Keytruda and Opdivo, another PD-1 inhibitor, gained "breakthrough therapy" status by the United States Food and Drug Administration last year.
Melanoma of the skin is readily treated by surgery if it is caught early and more than 90 per cent of these patients will be alive five years later. But when the disease is already metastatic - it has spread to organs - at diagnosis, the median survival is about nine months. Only 15 per cent of patients survive three years.
Trials have found that when Keytruda was the first drug used by patients for metastatic melanoma, as many as 60 per cent were alive at two years.
Auckland cancer specialists Mike McCrystal and Richard Sullivan believe the new immune therapies are the most important advance in cancer care since chemotherapies were first used.
"Keytruda is a very, very good drug," says Dr McCrystal.
"It's something we've been trying to do for 30 or 40 years, recruit the immune system reliably to fight a disease like melanoma. It's not entirely a magic bullet. There's still a lot of work to be done because a lot of people don't respond to these drugs.
"But Keytruda is an incredibly expensive drug. The amounts being charged are impossible to sustain from a health system point of view.
"I think even insurance-based systems like the US are starting to baulk."
He is appealing to drug companies to lower their prices.
"We can't expect funding bodies like Pharmac, which are trying to fund the whole health system, to pay that amount of money for a drug that's controlling disease rather than curing it."
And without Pharmac funding - or delayed funding - many New Zealanders end up paying themselves.

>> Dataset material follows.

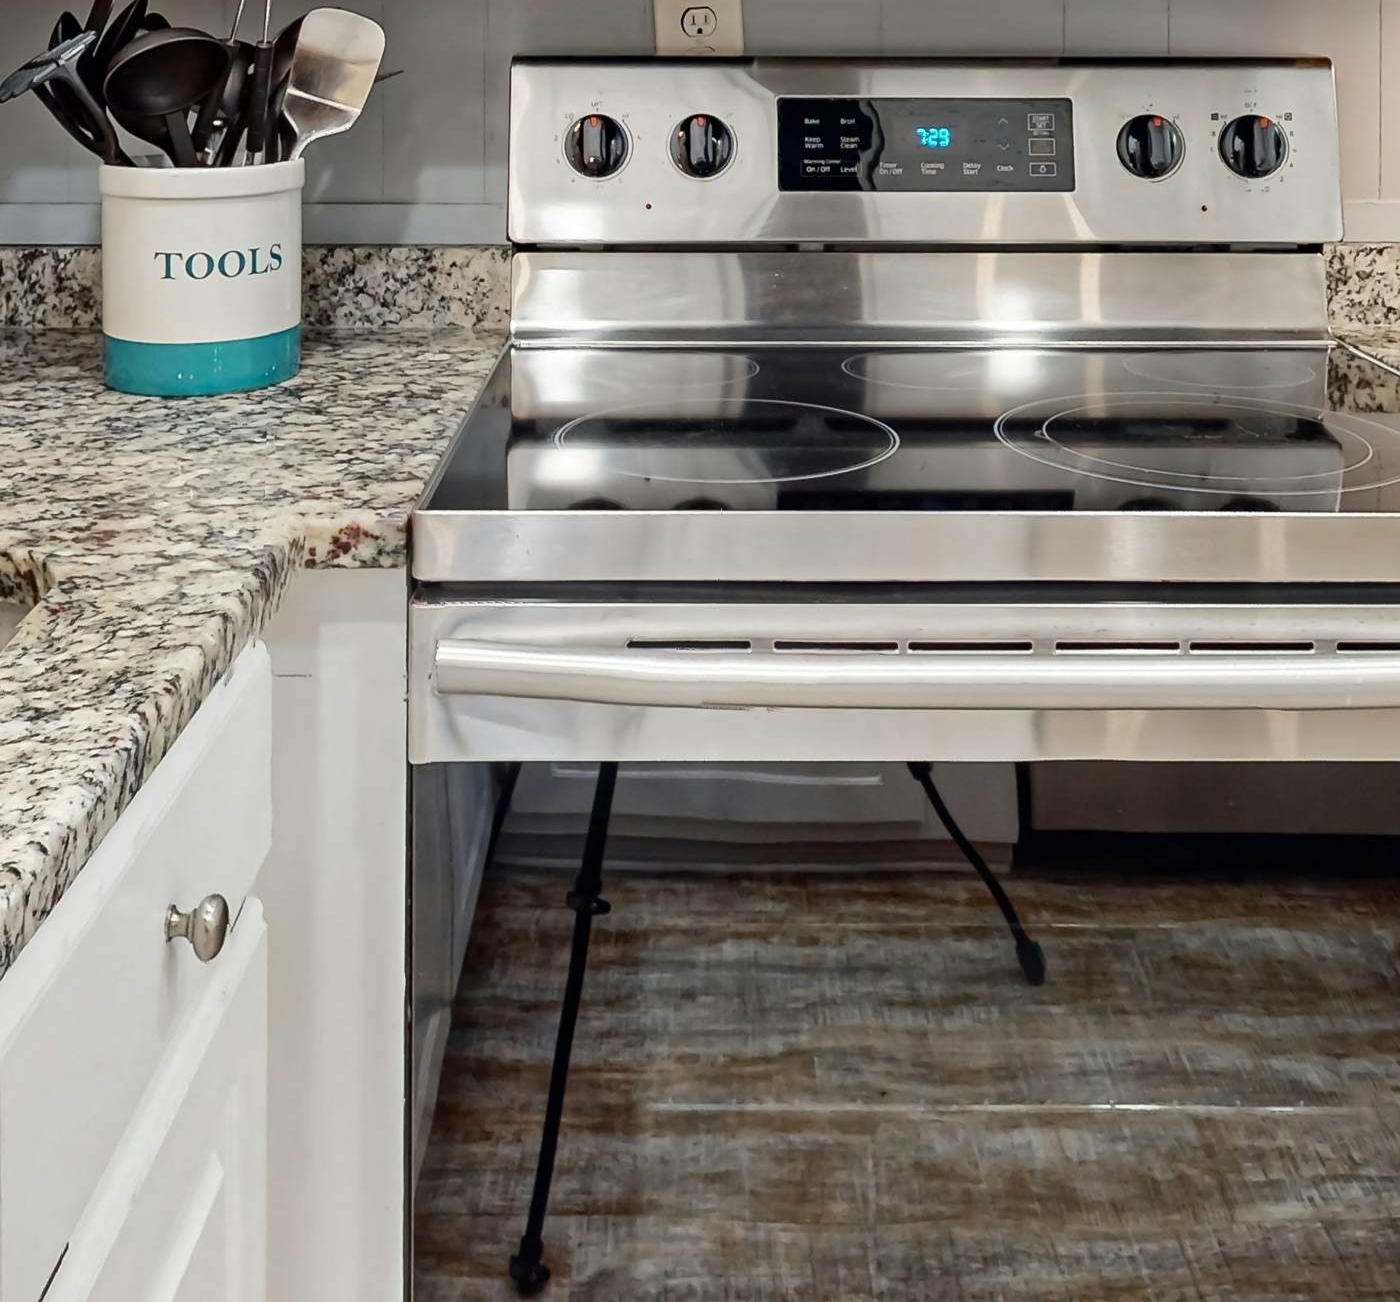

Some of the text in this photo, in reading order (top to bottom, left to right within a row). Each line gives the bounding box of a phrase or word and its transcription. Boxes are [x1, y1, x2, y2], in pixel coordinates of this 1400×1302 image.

[916, 127, 951, 147] 7:29
[962, 162, 982, 170] Delay
[996, 164, 1014, 172] Clock
[154, 243, 282, 280] TOOLS

"We are going to end up with a multi-tiered health system with people that can afford it getting all the very best drugs, with others with shades in between. It's not the sort of picture I think anyone wants.
"It's very difficult. You're talking about people selling their houses, mortgaging their houses, raising money amongst family and friends or lifetime savings going towards a drug that may or may not work."

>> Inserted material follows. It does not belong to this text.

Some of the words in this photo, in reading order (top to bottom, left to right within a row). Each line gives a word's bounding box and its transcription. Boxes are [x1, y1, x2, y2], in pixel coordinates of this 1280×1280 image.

A glimmer of hope emerged from England last month when a government agency ruled in favour of Keytruda's cost-effectiveness, meaning the drug will be available on the National Health Service.
Merck, Sharp & Dohme is giving the NHS an undisclosed discount, which is likely to influence the price it will seek in other countries.
But NHS England patients must first have been treated with - and ultimately become resistant to - one or more other expensive drugs.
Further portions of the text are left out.